Sepan - Pharmacodynamics

Pharmacodynamics

Cinnarizine is classified as a selective antagonist of T-type voltage-operated calcium ion channels, because its binding blocks the channels and keeps them inert. It has a Ki (inhibitory constant) value of 22nM. It is also known to have antihistaminic, antiserotoninergic and antidopaminergic effects, binding to H1 histamine receptors, and dopaminergic (D2) receptors. The IC50 (half-maximal inhibitory concentration) of cinnarizine for smooth muscle contraction inhibition is 60mM and it has been shown that this drug preferentially binds to its target calcium channels when they are in an open, as opposed to closed conformation. In treatment of nausea and motion sickness it was previously hypothesized that cinnarizine exerts its effects by inhibiting the calcium currents in voltage gated channels in type II vestibular hair cells within the inner ear.
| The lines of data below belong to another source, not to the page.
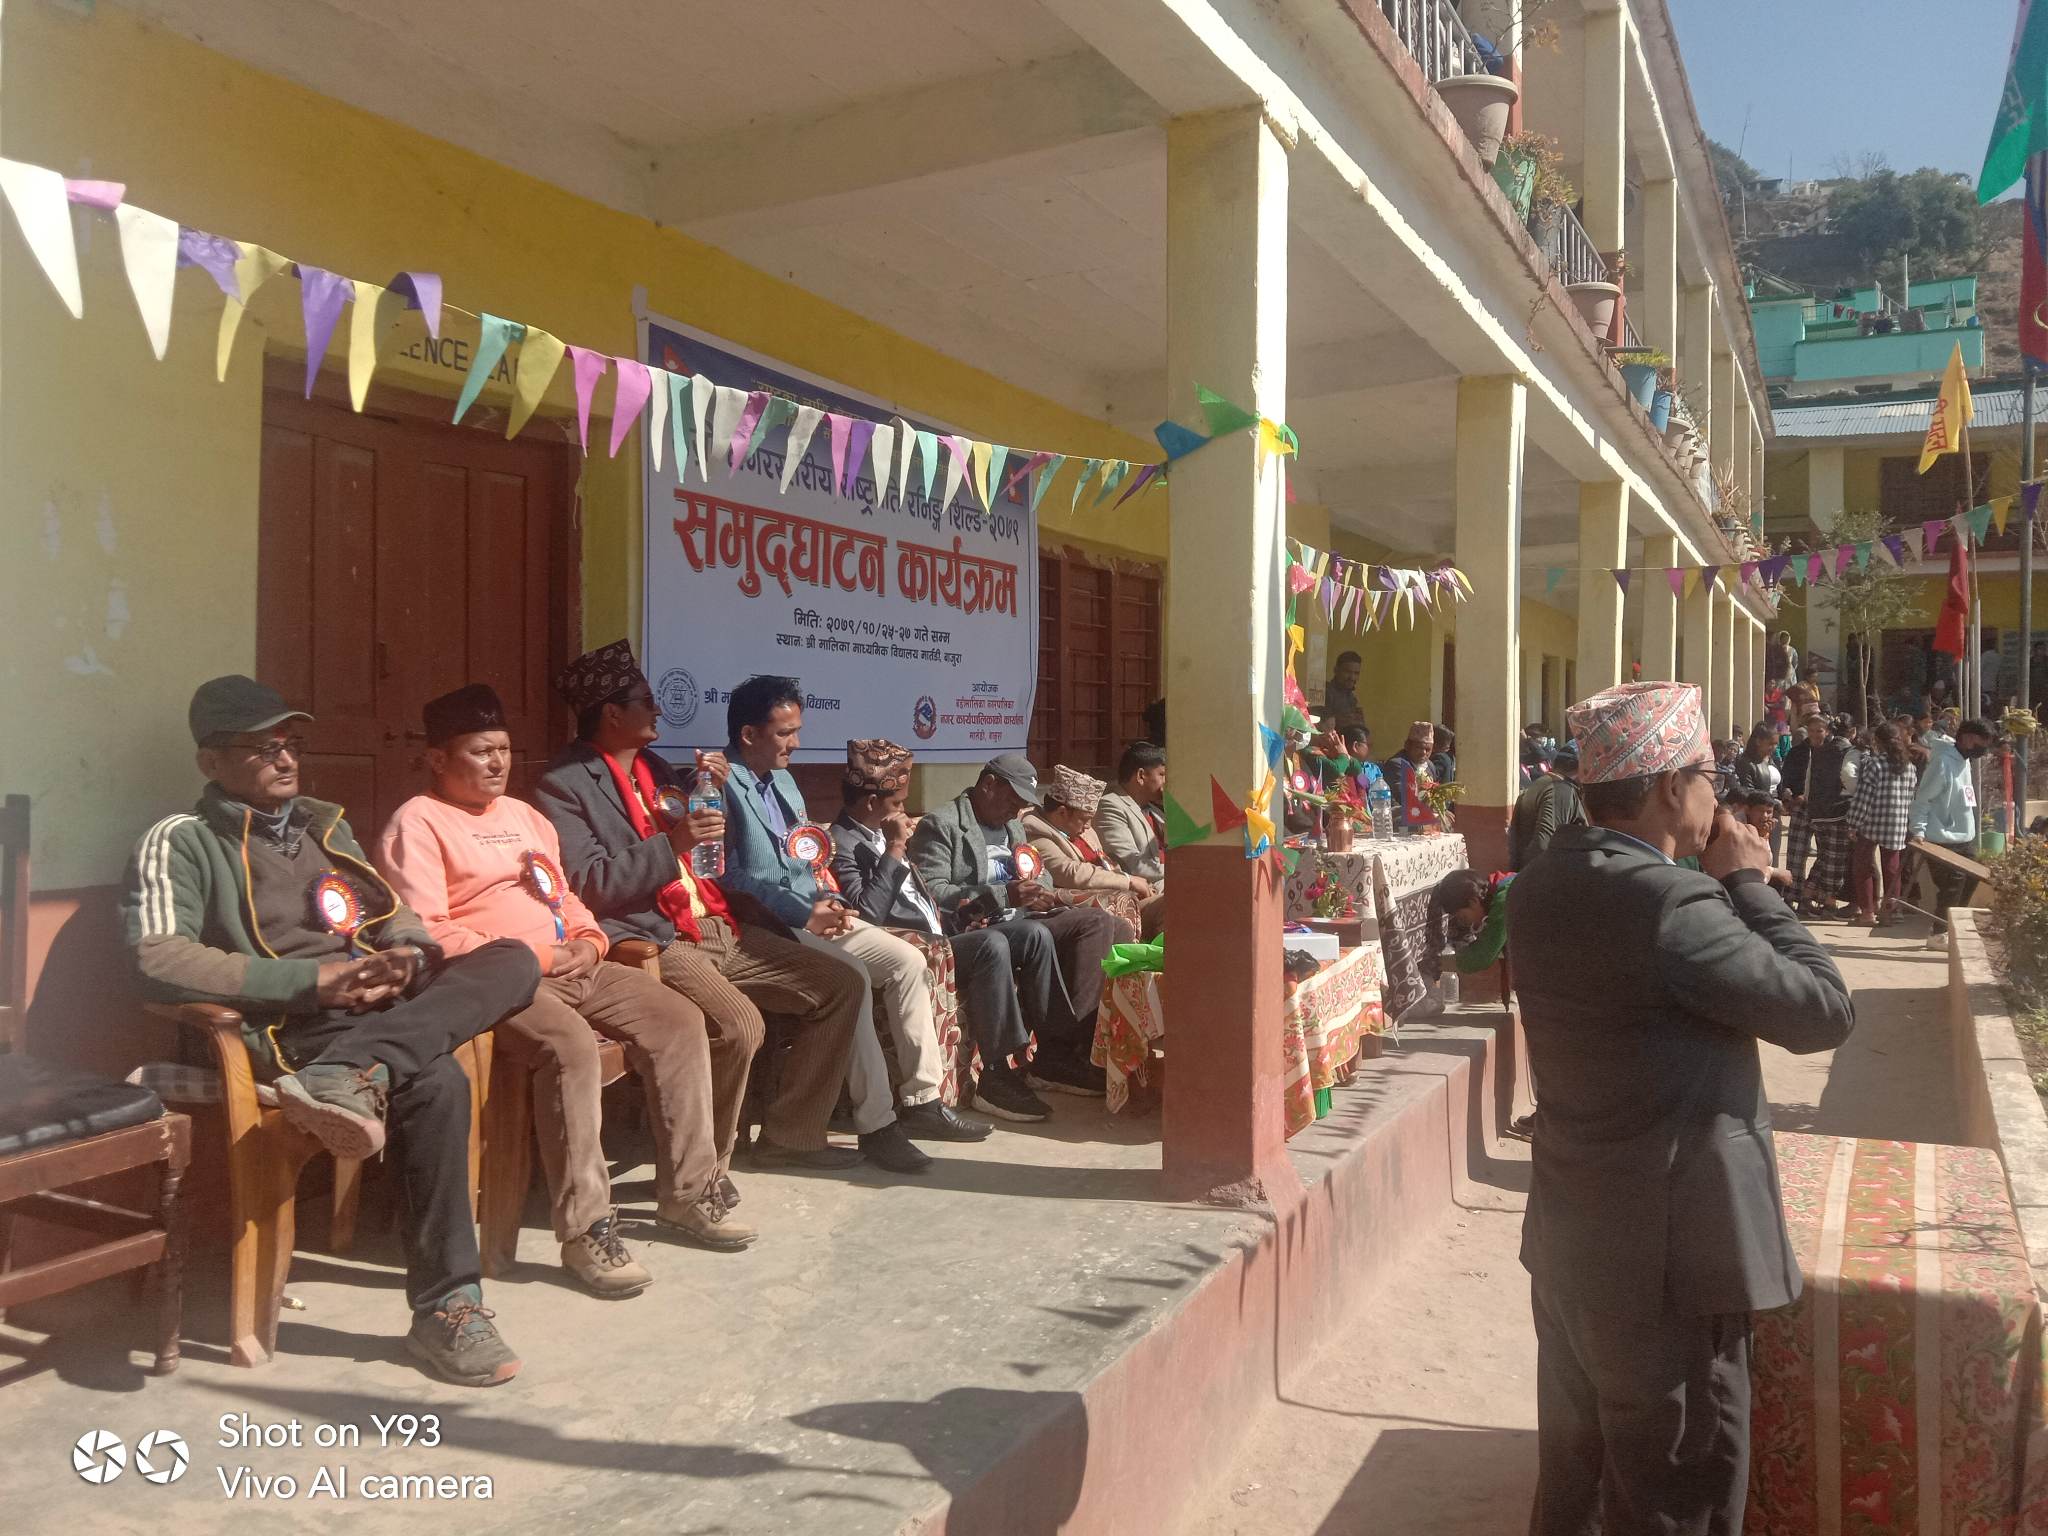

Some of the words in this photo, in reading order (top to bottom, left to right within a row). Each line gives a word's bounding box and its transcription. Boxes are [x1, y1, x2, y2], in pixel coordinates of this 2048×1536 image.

[896, 536, 1018, 618] कार्यक्रम
[914, 625, 929, 643] गते
[931, 631, 950, 645] सम्म
[806, 634, 816, 650] श्री
[819, 637, 850, 653] मालिका
[853, 641, 888, 657] माध्यमिक
[890, 646, 918, 660] विद्यालय
[704, 688, 717, 705] श्री
[972, 681, 999, 693] आयोजक
However, more recent evidence supports the idea that at pharmacologically relevant levels (0.3–0.5 µM), cinnarizine is not lessening vestibular vertigo by blocking calcium channels, but rather by inhibiting potassium (K+) currents that are activated by heightened hydrostatic pressure on the hair cells. It is true that cinnarizine does abolish calcium currents in vestibular hair cells as well; it is just that this only occurs at higher concentrations of drug (3nbsp;µM). The inhibition of these currents works to lessen the vertigo and motion-induced nausea by dampening the over-reactivity of the vestibular hair cells, which send information about balance and motion to the brain.